La mayoría de las personas que lean este comentario no conocerán a este escritor, lo tengo asumido. De ahí que tenga el firme propósito de dar a conocer la pluma del magnífico autor holandés Cees Nooteboom a todos los que se pasen por aquí. A algunos puede que no les guste. Pero a la mayoría espero que les acabe apasionando como a mí.

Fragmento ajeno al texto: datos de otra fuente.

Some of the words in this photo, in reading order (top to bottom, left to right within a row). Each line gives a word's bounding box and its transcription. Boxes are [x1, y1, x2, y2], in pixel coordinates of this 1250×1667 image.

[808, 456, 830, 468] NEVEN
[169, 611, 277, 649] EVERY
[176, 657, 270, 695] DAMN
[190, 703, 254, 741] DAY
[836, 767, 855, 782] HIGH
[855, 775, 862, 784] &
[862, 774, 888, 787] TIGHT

Escribía el bueno de Cees en su fabulosa novela/ensayo “El enigma de la luz” sobre el arte, y sorprendía mucho, sobre todo porque no lo hacía desde un punto de vista académico, centrándose en la técnica del cuadro, sino más bien en criterios artísticos, subjetivos, sensoriales, en definitiva, en lo que sentía cuando veía una obra de arte, en concreto un cuadro. En lo que esa obra ocasionaba en él, desde los detalles más pequeños que repasaba con asombrosa meticulosidad, hasta encuadrar emocionalmente la obra en su conjunto. El resultado era increíble, ya que lograba la empatía con el lector ocasional sin necesidad de entrar en intelectualismos.

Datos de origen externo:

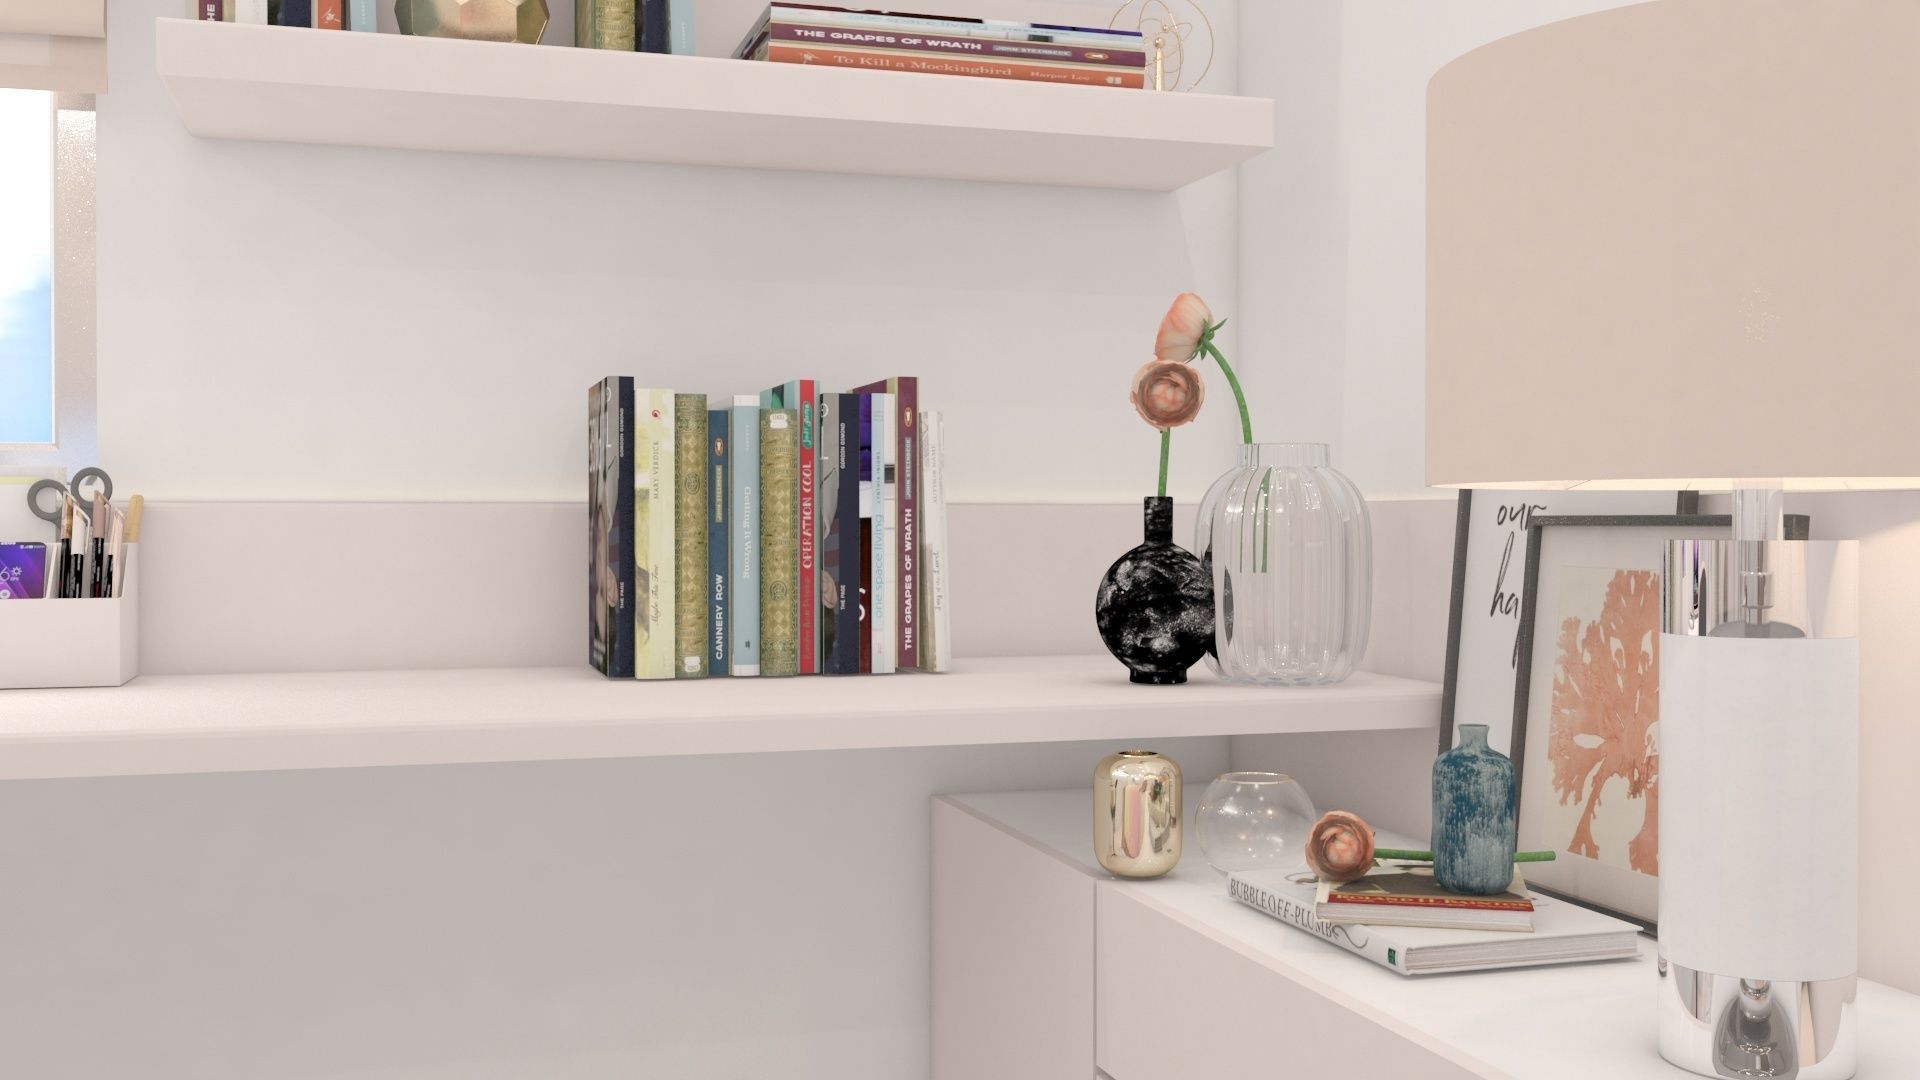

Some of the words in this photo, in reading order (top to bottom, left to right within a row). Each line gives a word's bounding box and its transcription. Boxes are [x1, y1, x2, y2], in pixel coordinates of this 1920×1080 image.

Esa misma forma de explicar el arte, lo aplica igualmente al hablar de personas. Y es ahí cuando entramos en la recopilación de relatos cortos que forman “Los zorros vienen de noche”. Tomando como hilo conductor en todas las historias algo relacionado con la fotografía: que puede tratarse de la foto de una persona, o de algún animal, o simplemente el hecho de hacer una foto; ese desencandenante ocasionará en los personajes reflexiones con respecto a los recuerdos (“Sigo siendo mi memoria, eso sí, pero no sé cuánto tiempo más voy a ser capaz de mantener mis recuerdos. Una vez que estos hayan desaparecido, habré muerto de verdad”), la nostalgia (“A veces sigo pensando en términos físicos y me embarga una suerte de tristeza; no, mejor dicho de nostalgia”), la vida y la muerte (“Ya murió. Este estribillo lo oirás con frecuencia. Qué le vamos a hacer, forma parte de la vida”)
Cada historia es una pequeña obra de arte, desde “Góndolas”, ambientada lógicamente en Venecia donde una fotografía antigua origina los recuerdos de una época anterior; hasta ese díptico que conforman “Paula” y “Paula II”, donde en un genial alarde de estilo y previsión pinta al personaje con trazos formados por los recuerdos de una persona que le conoció (en la primera de ellas) y con los propios recuerdos de ella, desde su estado de muerte (en la segunda). Todo lo hace centrándose en los pequeños detalles cotidianos y con un lirismo de una belleza inconmensurable: “Durante un segundo fue como si la electricidad fluyera por encima de él. Fulgores líquidos, una rauda línea de luz blanca recorriendo la oscura silueta de su cuerpo. Todos oyeron su grito audible incluso por encima del bramido de las olas, un alarido de palabras sofocado por el grito agudo de la mujer y un nuevo trueno”.
Hacía meses que no me leía un libro del autor, y cuando lo lees te das cuenta que lo echas de menos. Es el reencuentro con un amigo, no te va a recriminar el tiempo que ha pasado, sino a alegrarse de que estés con él de nuevo. Su prosa produce sensaciones: se visualizan los colores, las personas; se filtran los sonidos, las conversaciones; se siente el frío, el calor, el sol, la lluvia… Y todo ello te produce una sensación de paz, de descanso (“A partir de ese momento empezó otra forma de mirar. Como desde el sueño. Una sensación de paz profunda”) Concluyendo, un placer para los sentidos, una obra necesaria e imprescindible.